Bruxelles, 21/03/2003 (Agence Europe) - Lors de son intervention devant le Conseil européen, jeudi soir, le président du Parlement européen, Pat Cox a souligné qu'une large majorité du PE aurait préféré la poursuite des inspections de l'ONU en Irak et la recherche d'une solution multilatérale dans le cadre des Nations unies (voir EUROPE d'hier, pages 4 à 6, sur la session extraordinaire du Parlement consacrée à l'Irak). Mais le Parlement n'en était pas moins divisé, comme l'est le Conseil européen, a-t-il reconnu avant de constater que ces dernières semaines ont affaibli les Nations unies, l'Union européenne et les relations transatlantiques. M.Cox a rappelé les termes de l'article 11 paragraphe 2 du Traité selon lequel les Etats membres doivent s'abstenir de toute action contraire aux intérêts de l'Union européenne susceptible de nuire à son efficacité en tant que force de cohésion dans les relations internationales. Et il a regretté qu'en dépit des efforts exceptionnels de la Présidence grecque, le devoir de solidarité n'a pas été respecté, en commentant: "Il n'y a pas de quoi s'étonner si d'autres décident de nous ignorer si nous avons choisi de nous ignorer entre nous". Et, en notant que dans son discours de véritable "homme d'Etat, mardi dernier, Tony Blair a souligné que quel que soit le résultat, le débat sur l'Irak sera déterminant pour la forme que prendra le monde à l'avenir", M. Cox a estimé que dans les semaines et les mois à venir, "la vraie question, pour les dirigeants européens assis autour de cette table", sera de trouver, à partir de cette "tension qui, si elle est correctement jugulée, peut devenir créative, un nouvel ordre européen, dans lequel nous définissons notre intérêt, et sur cette base, nous établissons une nouvelle politique étrangère et de la sécurité européenne": "Ce n'est pas le moment de regarder en arrière en récriminant, mais plutôt de regarder en avant avec espoir. L'Europe et ses peuples ont besoin d'une perspective pour l'avenir, et le Conseil européen est l'organe qui doit indiquer la direction", affirme le président du Parlement.

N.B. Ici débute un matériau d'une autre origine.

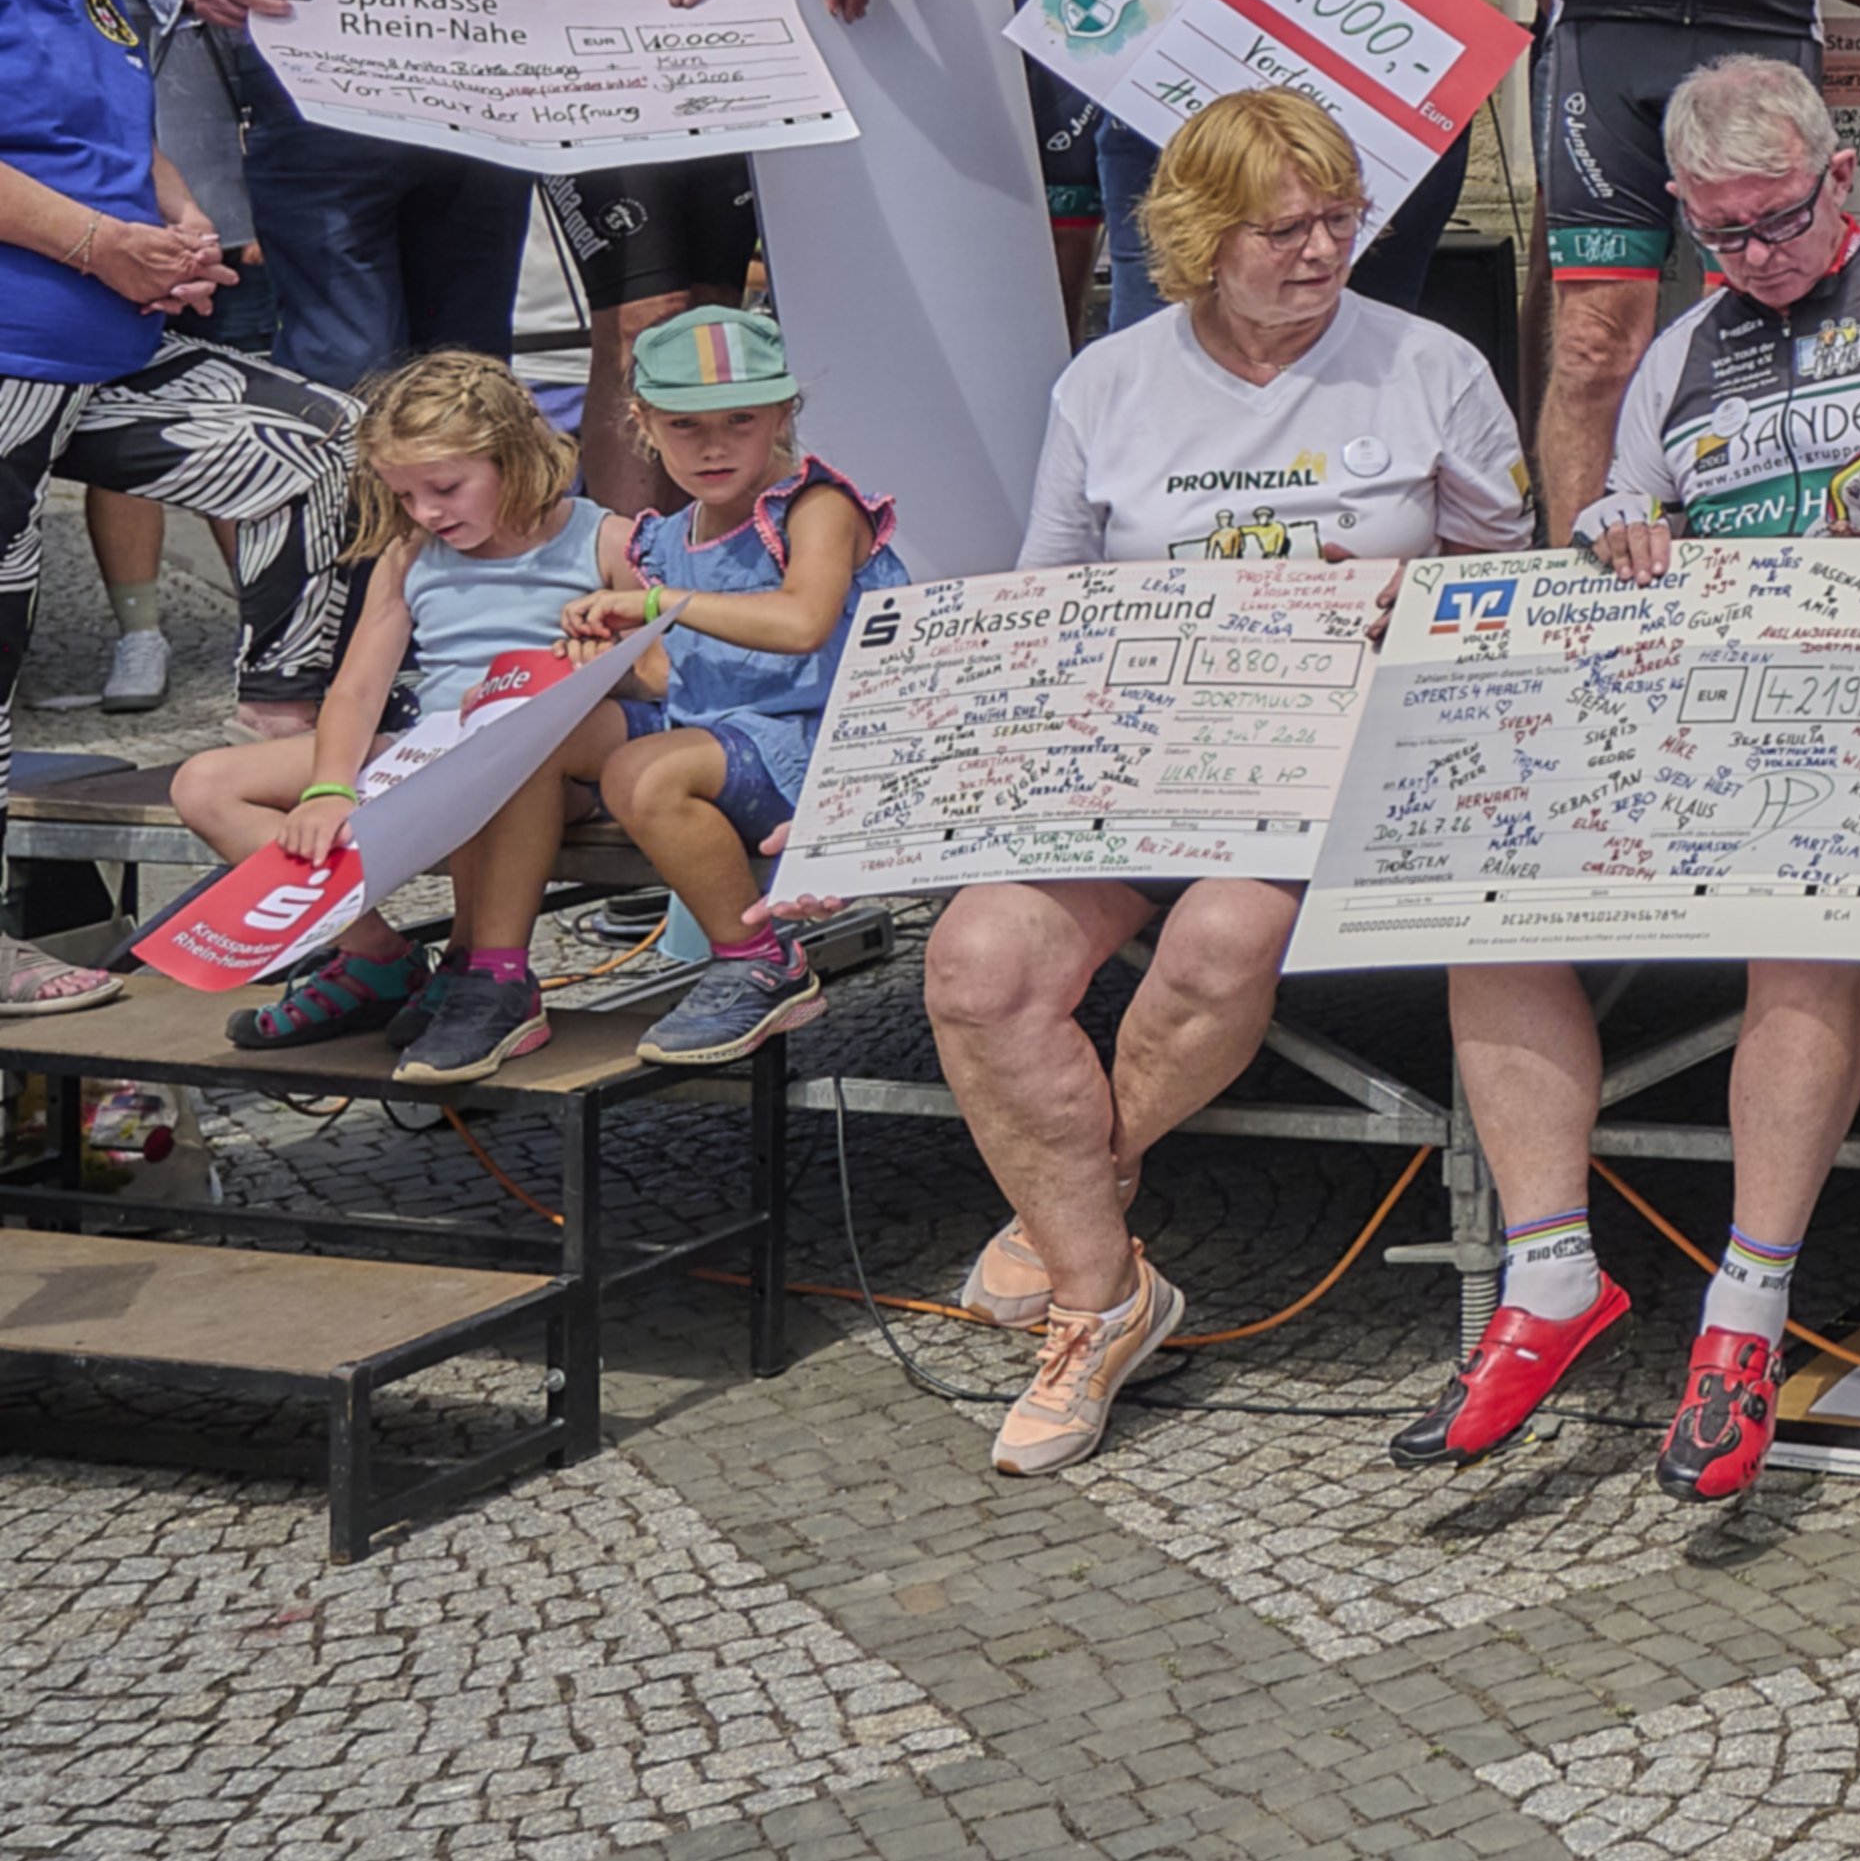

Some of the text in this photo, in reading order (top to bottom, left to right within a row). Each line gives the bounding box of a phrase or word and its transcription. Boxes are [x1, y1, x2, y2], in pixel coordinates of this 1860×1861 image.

[339, 12, 528, 45] Rhein-Nahe
[583, 37, 615, 47] EUR
[481, 104, 519, 122] der
[533, 103, 641, 124] Hoffnung
[1420, 100, 1454, 132] Euro
[1166, 468, 1319, 494] PROVINZIAL
[1459, 556, 1542, 580] VOR-TOUR
[1702, 548, 1741, 569] TINA
[1141, 577, 1187, 597] LENA
[1749, 583, 1793, 598] PETER
[1526, 597, 1654, 628] Volksbank
[1797, 598, 1839, 620] AMIR
[908, 594, 1217, 650] Sparkasse Dortmund
[1541, 623, 1596, 642] PETRA
[1128, 656, 1159, 668] EUR
[1699, 647, 1775, 664] HEIDRUN
[1414, 664, 1571, 685] Zahlen Sie gegen diesen Scheck
[973, 691, 1009, 706] TEAM
[1191, 690, 1315, 709] DORTMUND
[1403, 679, 1544, 707] EXPERTS 4 HEALTH
[1696, 690, 1728, 702] EUR
[1438, 706, 1491, 724] MARK
[991, 719, 1066, 738] SEBASTIAN
[1587, 748, 1637, 768] GEORG
[1658, 736, 1700, 760] MIKE
[1653, 766, 1697, 791] SVEN
[1455, 786, 1530, 811] HERWARTH
[1547, 769, 1644, 820] SEBASTIAN
[1660, 793, 1718, 820] KLAUS
[1032, 830, 1107, 846] VOR-TOUR
[1017, 851, 1094, 866] HOFFNUNG
[1480, 857, 1541, 880] RAINER
[1353, 871, 1454, 888] Verwendungszweck

Pat Cox a ensuite exposé aux Quinze sa vision de l'agenda européen qui doit nécessairement comporter: (1) l'élargissement; (2) le soutien à la démocratisation dans l'Europe du sud-est ; (3) "notre intérêt collectif pour un multilatéralisme efficace au travers des Nations unies". Nous avons besoin d'aspirer à quelque chose de plus que le cliché "les Etats-Unis font la guerre, les Nations unies nourrissent, l'UE finance", a dit M. Cox en évoquant un renforcement de l'aide humanitaire et une aide à la reconstruction économique et politique qui doit être conduite par les Nations unies ; (4) la qualité de la relation transatlantique (M. Cox a cité là les propos du Commissaire Patten, jeudi matin en plénière: voir EUROPE d'hier, p.4) ; (5) la publication immédiate de la feuille de route du Quartette pour la paix au Proche-Orient.

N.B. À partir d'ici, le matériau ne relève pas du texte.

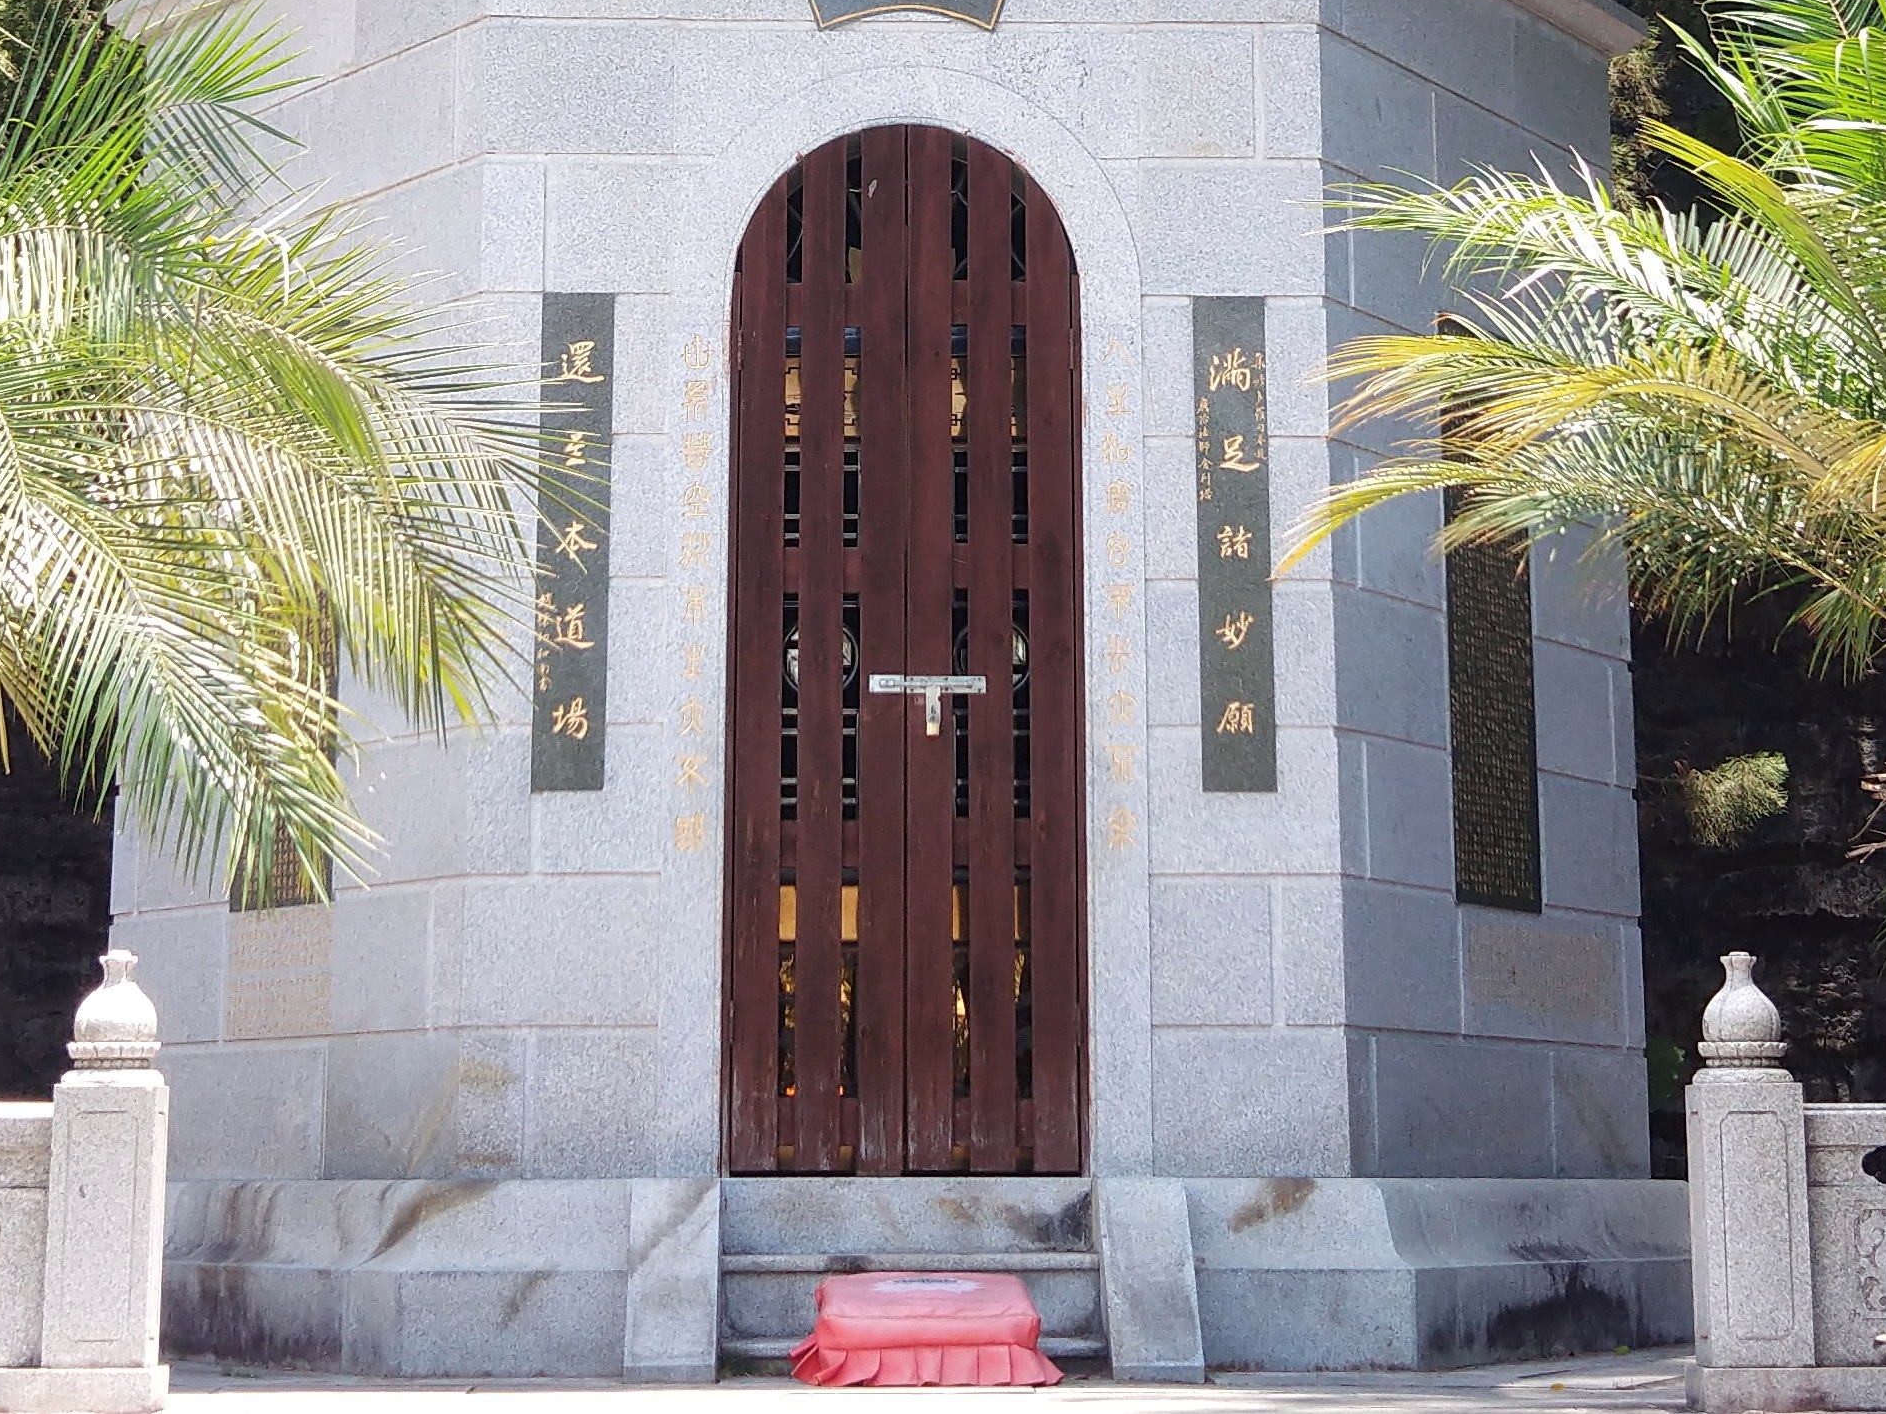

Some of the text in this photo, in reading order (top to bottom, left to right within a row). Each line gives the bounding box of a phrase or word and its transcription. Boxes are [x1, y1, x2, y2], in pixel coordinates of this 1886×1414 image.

[1209, 346, 1261, 735] 滿足諸妙願

Le président Cox a aussi insisté sur les efforts qui restent à accomplir pour atteindre les objectifs du processus de Lisbonne, en insistant sur la croissance, des finances publiques saines, l'investissement dans les ressources humaines et dans la recherche.
Lors de sa conférence de presse, Pat Cox a réaffirmé qu'il faut aujourd'hui tirer les leçons des divergences qui ont divisé les Quinze au cours des derniers mois et du "trop faible respect mutuel". "Il faut avoir la sagesse de ne plus jamais répéter ça", a-t-il dit en appelant à la définition d'une nouvelle PESC.
M. Cox a aussi confirmé qu'il a décidé, avec son homologue marocain, de reporter la réunion du Forum parlementaire euroméditerranéen qui devait se tenir en Grèce la semaine prochaine (voir EUROPE d'hier, p.6). Il a cependant précisé que ce report ne remet pas en cause l'objectif de créer une Assemblée euroméditerranéenne et que le forum pourrait encore se réunir avant la fin de la Présidence grecque.